§ **Available records**:
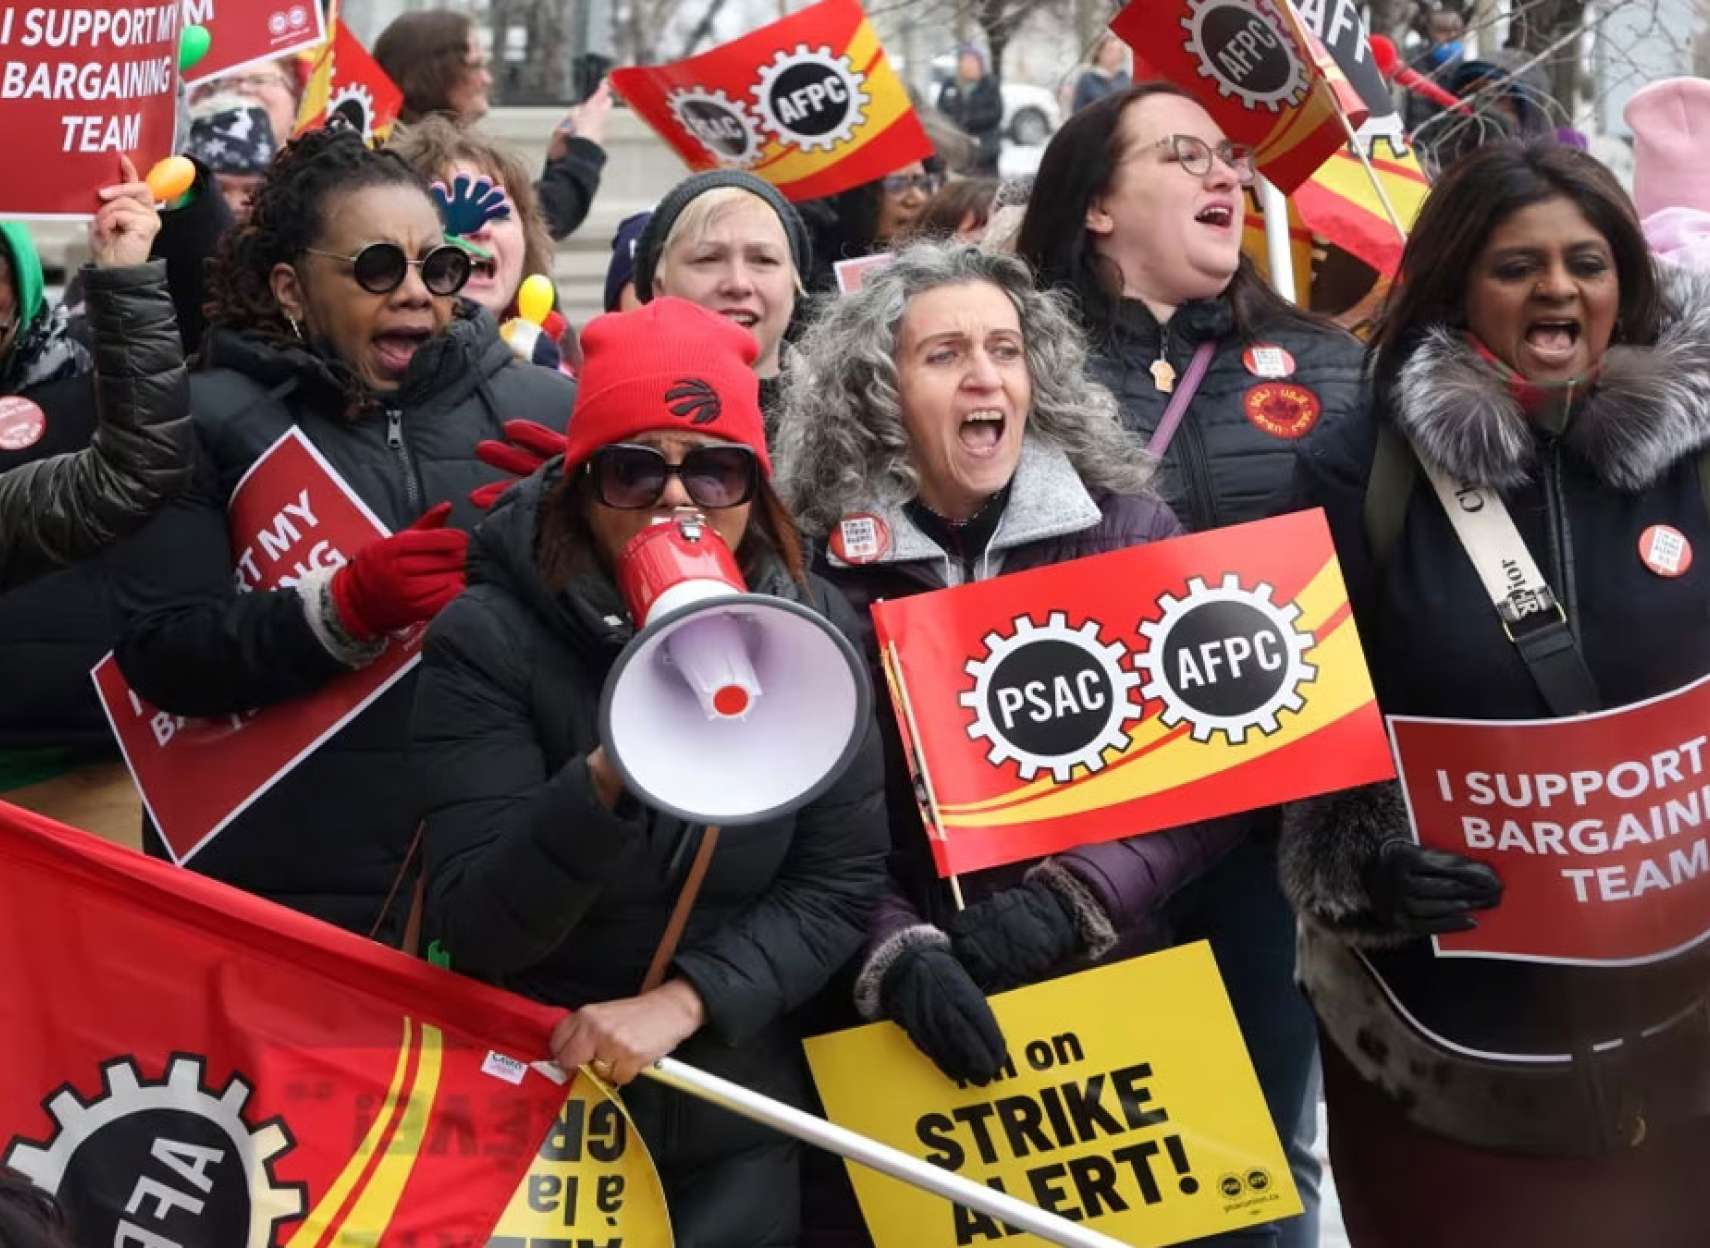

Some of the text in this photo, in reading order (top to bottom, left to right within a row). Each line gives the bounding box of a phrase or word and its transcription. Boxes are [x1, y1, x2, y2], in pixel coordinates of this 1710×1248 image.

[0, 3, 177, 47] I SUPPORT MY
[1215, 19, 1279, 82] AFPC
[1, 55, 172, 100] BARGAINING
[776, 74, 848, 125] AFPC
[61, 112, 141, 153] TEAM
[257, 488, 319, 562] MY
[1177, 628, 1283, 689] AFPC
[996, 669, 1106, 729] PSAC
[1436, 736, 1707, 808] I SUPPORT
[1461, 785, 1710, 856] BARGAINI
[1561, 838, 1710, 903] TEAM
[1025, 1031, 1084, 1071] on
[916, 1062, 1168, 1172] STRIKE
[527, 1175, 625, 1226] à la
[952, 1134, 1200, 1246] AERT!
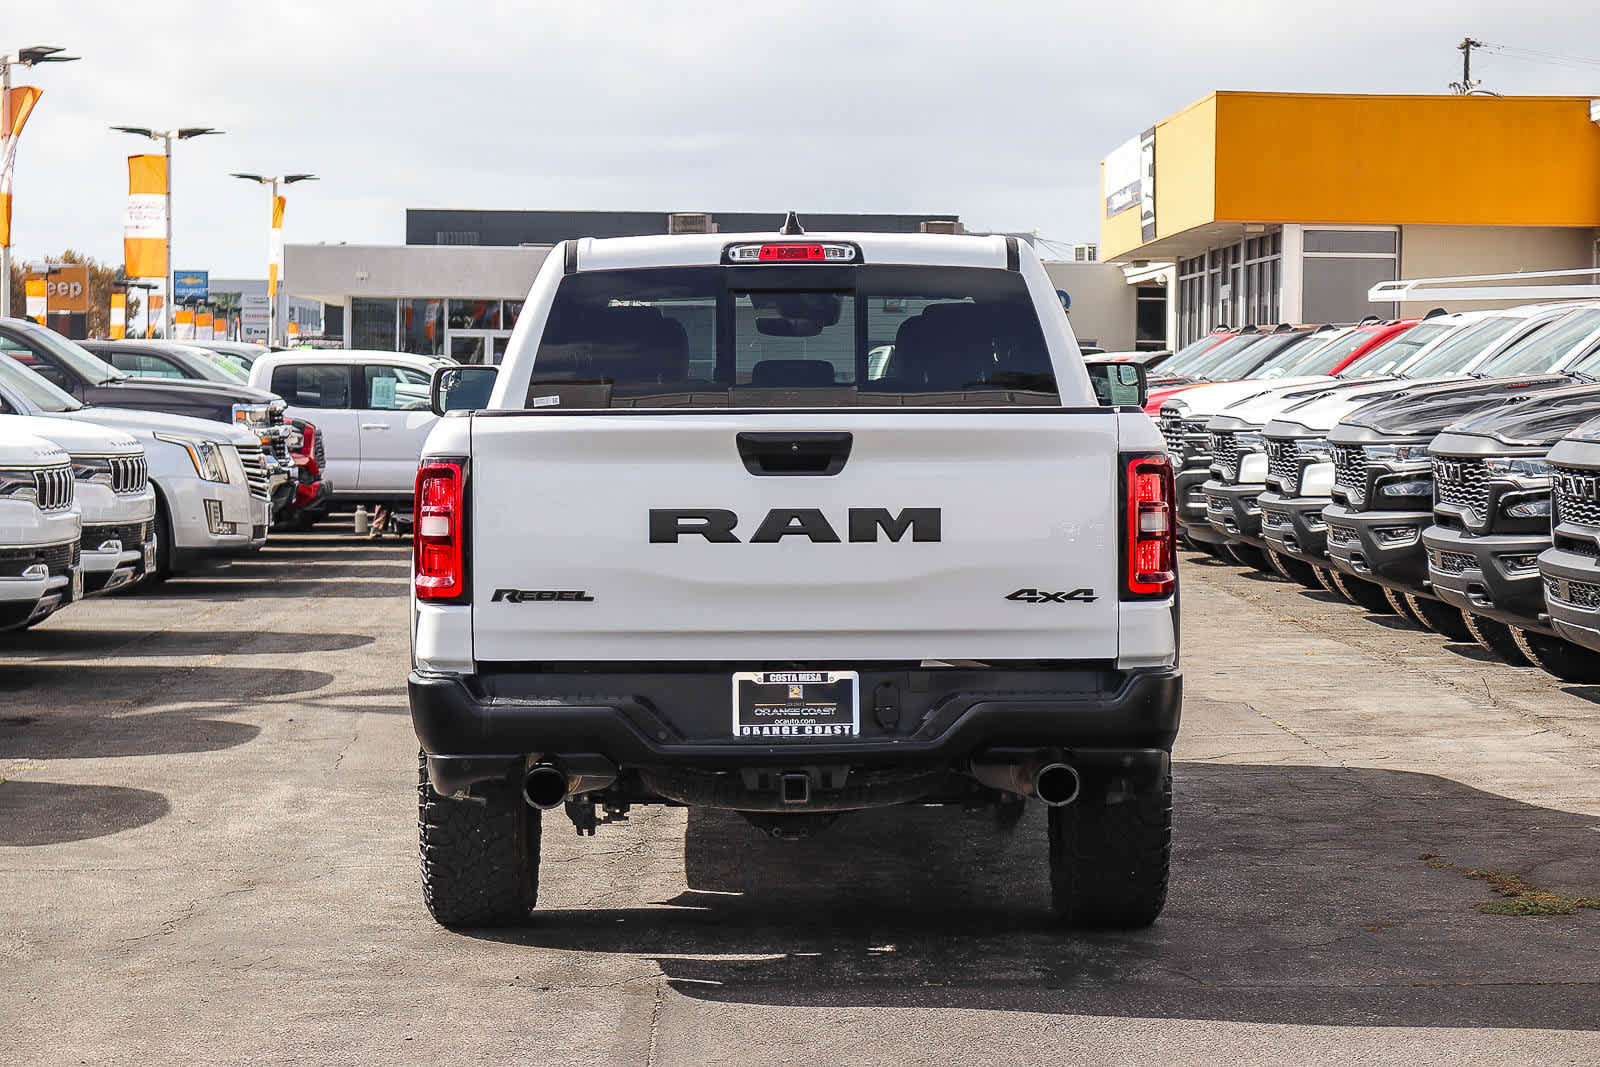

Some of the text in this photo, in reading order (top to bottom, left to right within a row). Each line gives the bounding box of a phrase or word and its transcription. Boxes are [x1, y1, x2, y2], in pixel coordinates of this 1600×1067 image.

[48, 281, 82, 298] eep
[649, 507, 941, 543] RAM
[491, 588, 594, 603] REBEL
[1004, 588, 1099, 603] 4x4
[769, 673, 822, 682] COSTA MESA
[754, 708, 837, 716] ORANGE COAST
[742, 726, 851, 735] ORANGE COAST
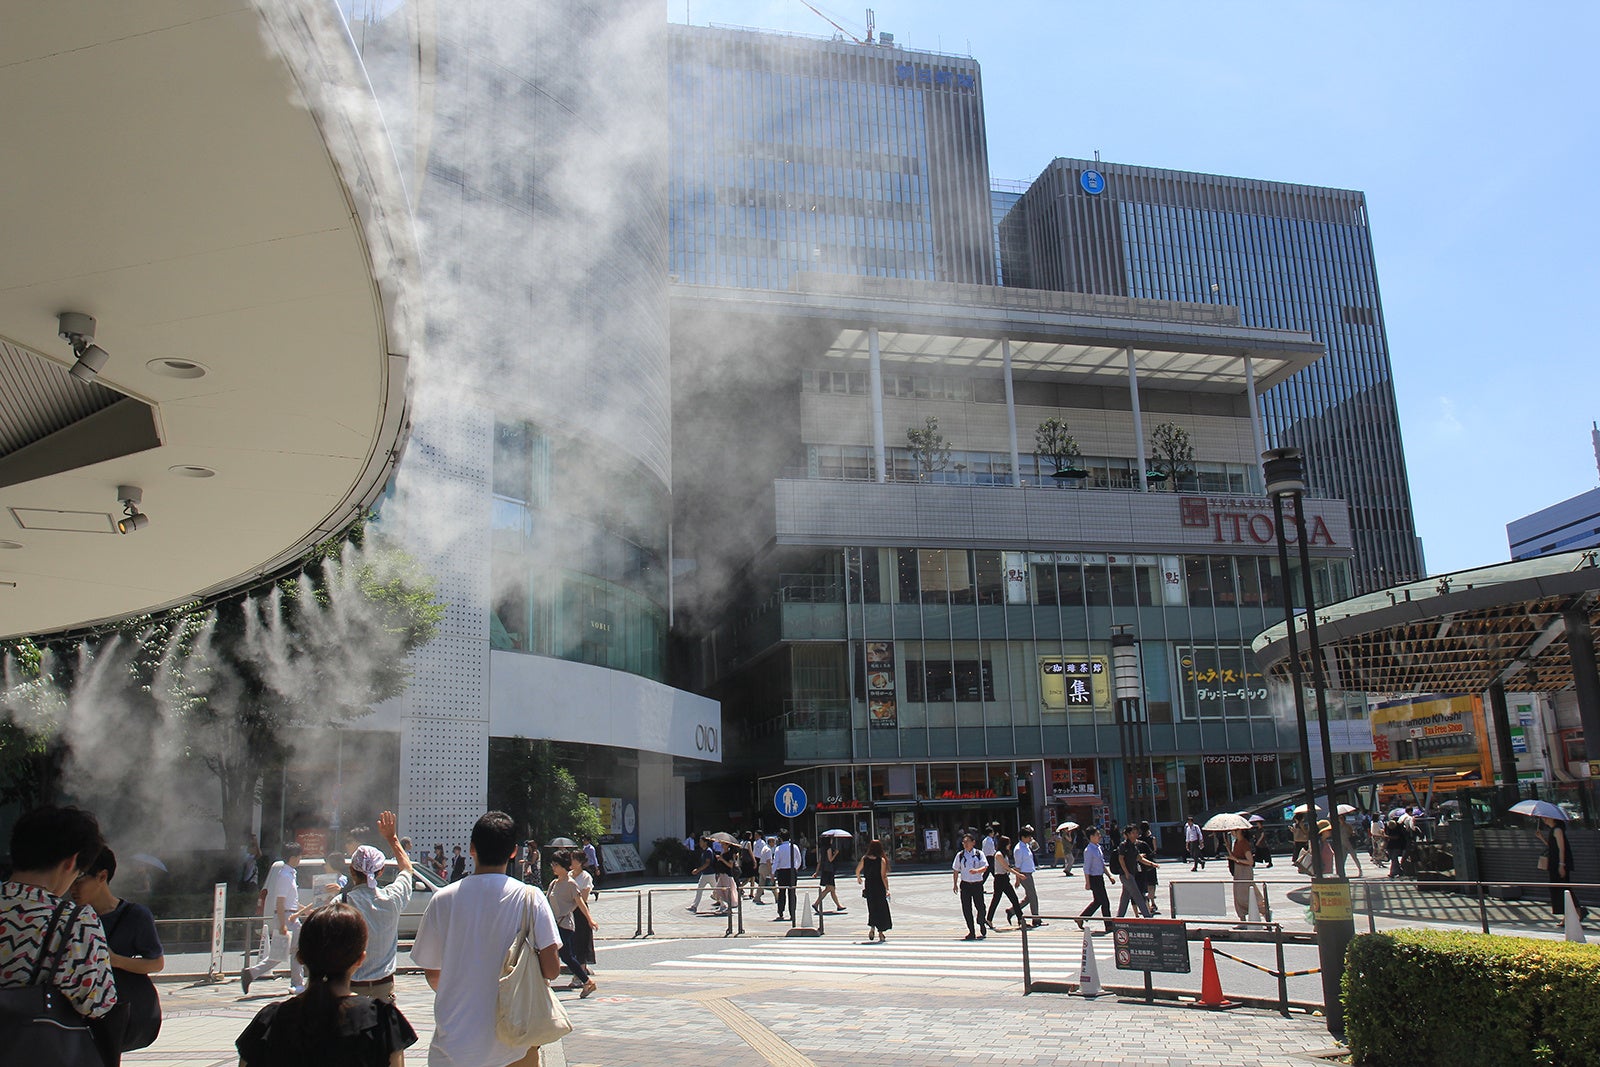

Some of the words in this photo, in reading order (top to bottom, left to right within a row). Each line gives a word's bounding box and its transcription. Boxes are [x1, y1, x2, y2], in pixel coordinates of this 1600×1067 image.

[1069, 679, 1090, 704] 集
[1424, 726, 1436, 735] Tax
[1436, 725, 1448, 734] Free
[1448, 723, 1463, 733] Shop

§ **Activity**:
Only the lines from the one containing "Some of the words" through the end of the entries above belong in the answer; repeat them exactly.

§ **Response to this exercise**:
Some of the words in this photo, in reading order (top to bottom, left to right within a row). Each line gives a word's bounding box and its transcription. Boxes are [x1, y1, x2, y2], in pixel coordinates of this 1600×1067 image.

[1069, 679, 1090, 704] 集
[1424, 726, 1436, 735] Tax
[1436, 725, 1448, 734] Free
[1448, 723, 1463, 733] Shop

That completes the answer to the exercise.